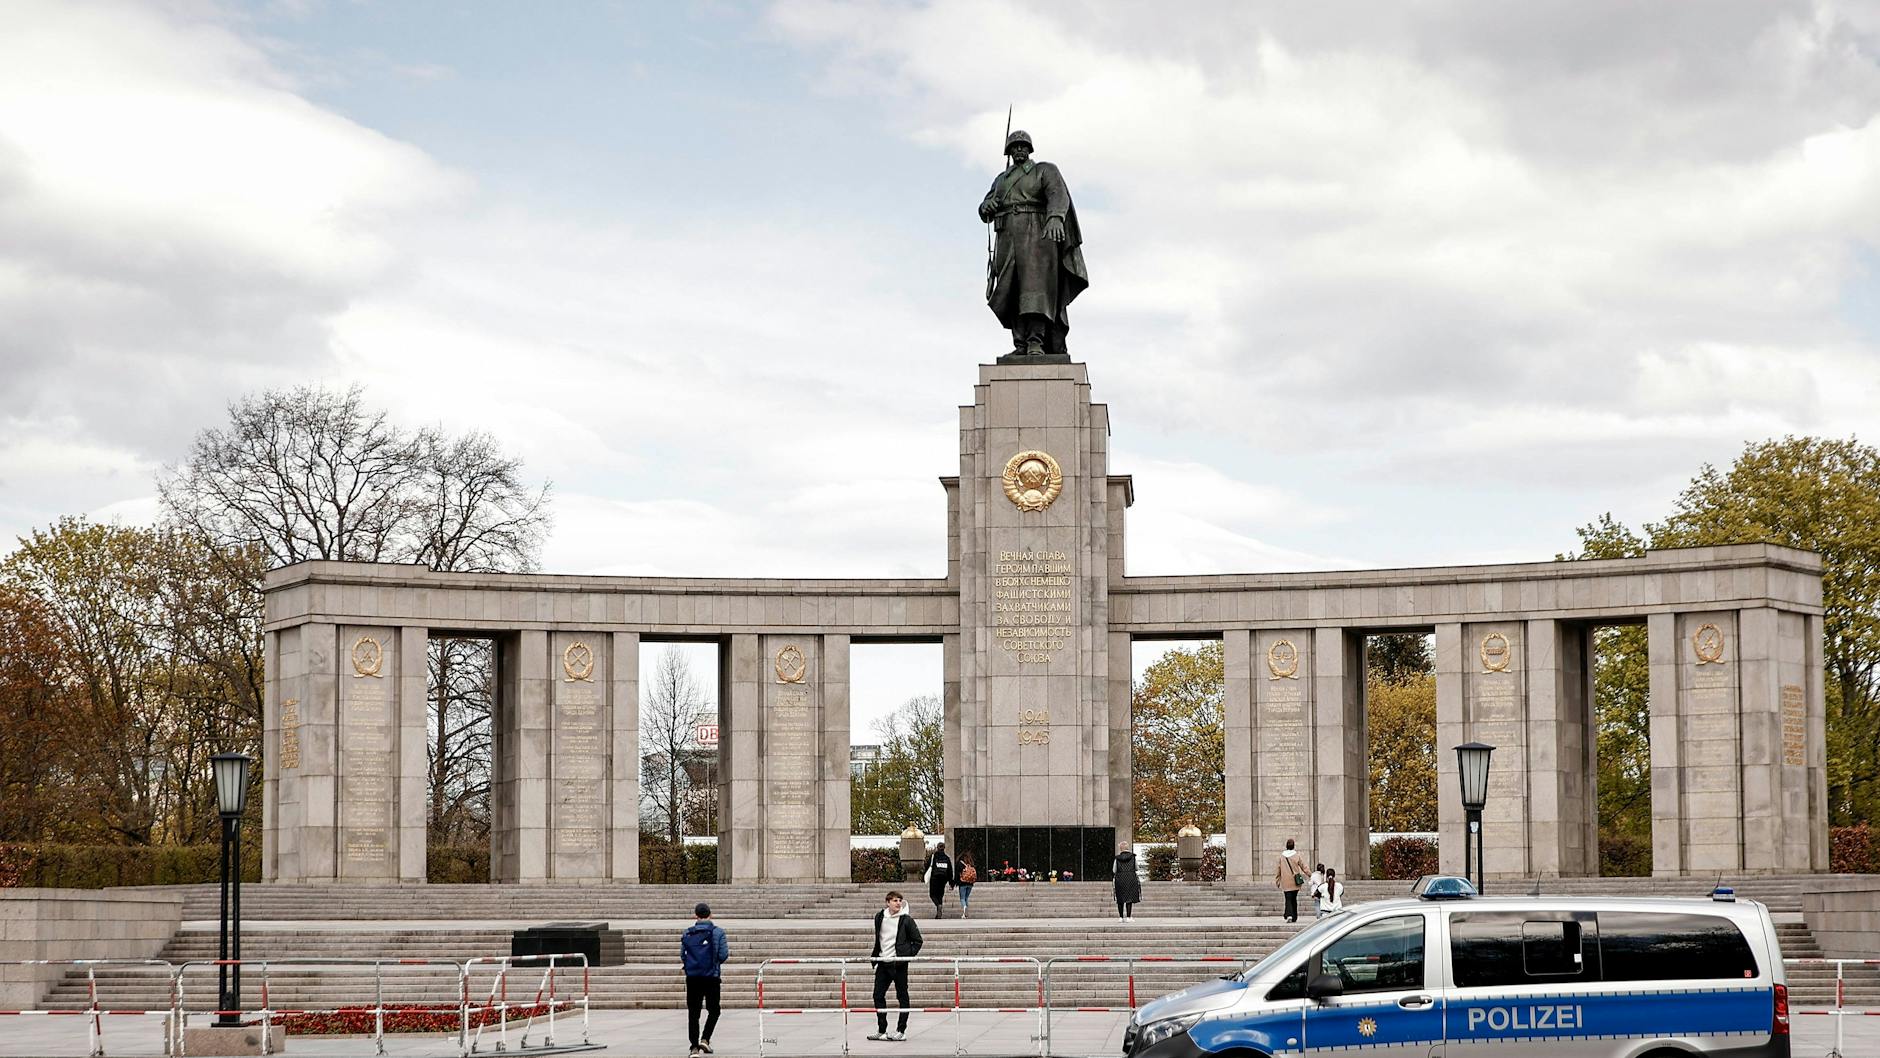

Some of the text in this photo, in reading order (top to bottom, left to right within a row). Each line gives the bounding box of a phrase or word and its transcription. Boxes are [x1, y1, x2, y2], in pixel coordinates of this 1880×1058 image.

[1000, 550, 1066, 561] ВЕЧНАЯ СЛАВА
[996, 563, 1071, 574] ГЕРОЯМ ПАВШИМ
[1002, 576, 1025, 586] БОЯХ
[996, 589, 1071, 599] ФАШИСТСКИМИ
[996, 602, 1071, 612] ЗАХВАТЧИКАМИ
[997, 615, 1009, 625] ЗА
[1012, 614, 1061, 625] СВОБОДУ
[996, 626, 1072, 638] НЕЗАВИСИМОСТЬ
[1003, 640, 1064, 651] СОВЕТСКОГО
[1017, 652, 1051, 663] СОЮЗА
[1017, 730, 1049, 745] 1945
[1468, 1004, 1583, 1031] POLIZEI
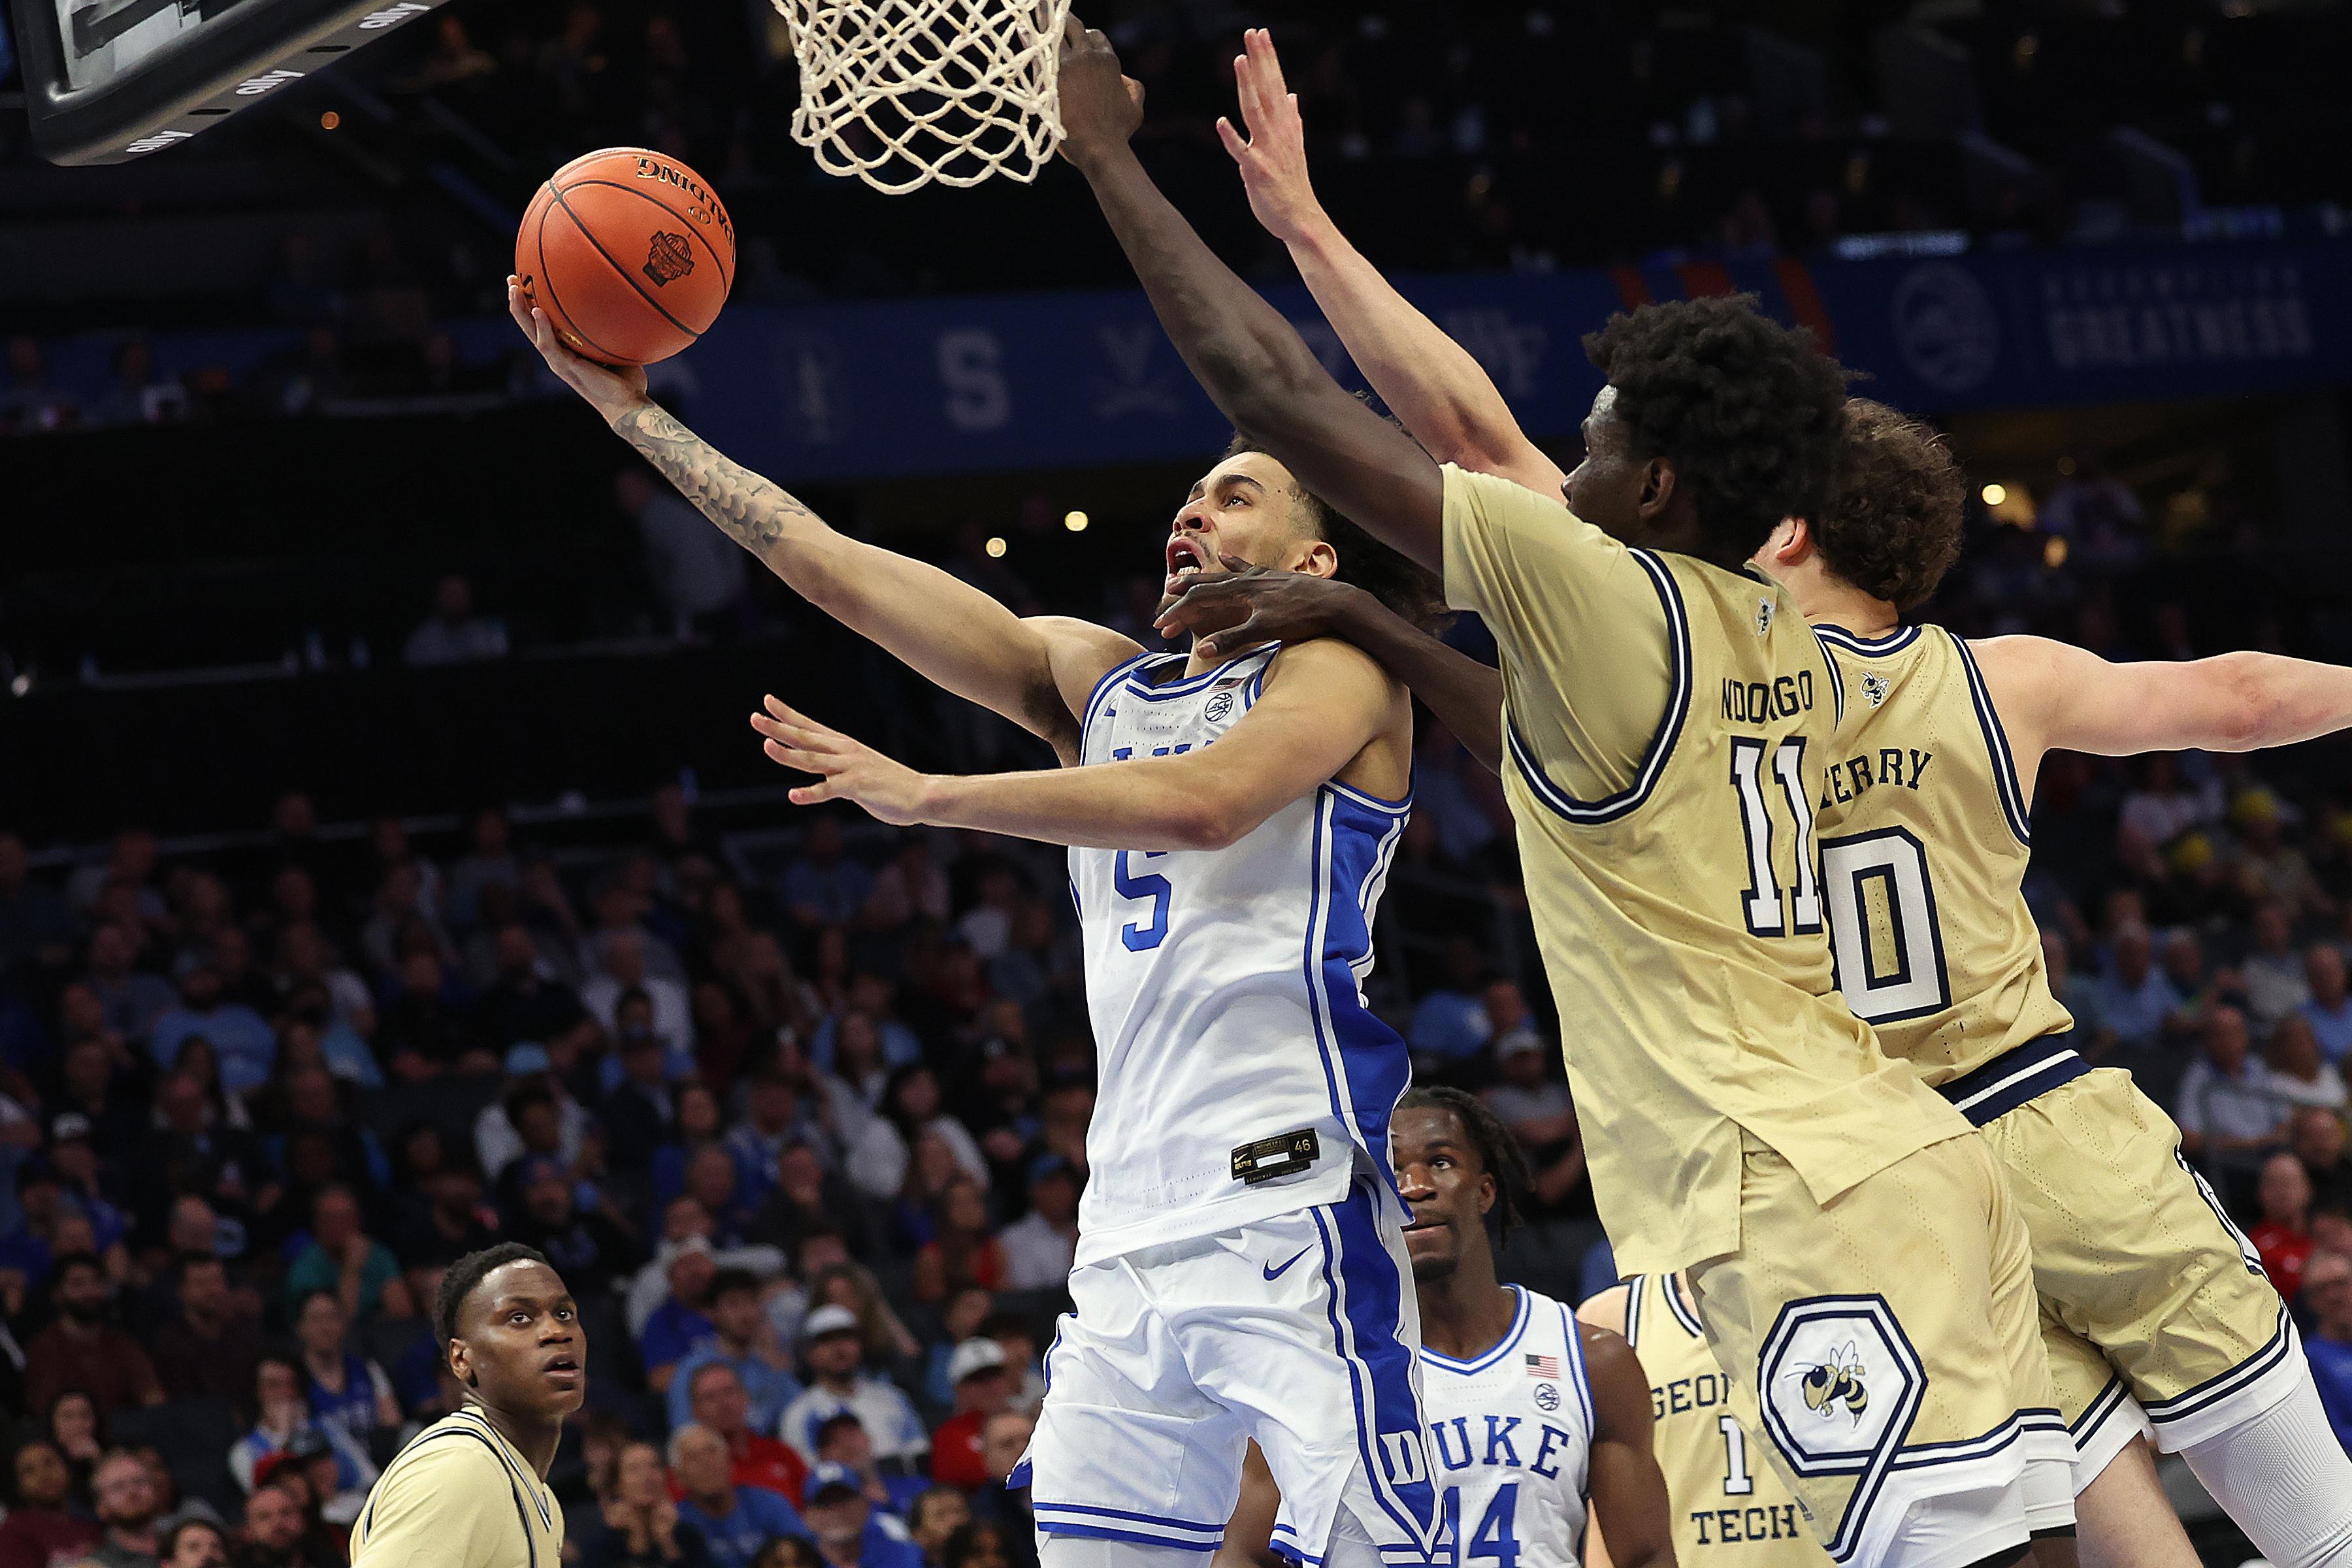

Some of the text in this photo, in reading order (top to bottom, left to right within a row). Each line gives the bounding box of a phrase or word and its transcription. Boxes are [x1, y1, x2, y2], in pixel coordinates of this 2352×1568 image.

□ □ □ □ □ □ □

Your instructions - Copy each line of the material above exactly, but not the images.

Completed exercise -
Some of the text in this photo, in reading order (top to bottom, left to right within a row). Each line gives the bounding box of a phrase or word and its transcription. Boxes are [x1, y1, x2, y2], in pixel coordinates of this 1880×1058 image.

[1000, 550, 1066, 561] ВЕЧНАЯ СЛАВА
[996, 563, 1071, 574] ГЕРОЯМ ПАВШИМ
[1002, 576, 1025, 586] БОЯХ
[996, 589, 1071, 599] ФАШИСТСКИМИ
[996, 602, 1071, 612] ЗАХВАТЧИКАМИ
[997, 615, 1009, 625] ЗА
[1012, 614, 1061, 625] СВОБОДУ
[996, 626, 1072, 638] НЕЗАВИСИМОСТЬ
[1003, 640, 1064, 651] СОВЕТСКОГО
[1017, 652, 1051, 663] СОЮЗА
[1017, 730, 1049, 745] 1945
[1468, 1004, 1583, 1031] POLIZEI

Some of the text in this photo, in reading order (top to bottom, left to right within a row). Each line gives the bounding box of a phrase or word and its transcription. Boxes are [x1, y1, x2, y2], in pixel coordinates of this 2352×1568 image.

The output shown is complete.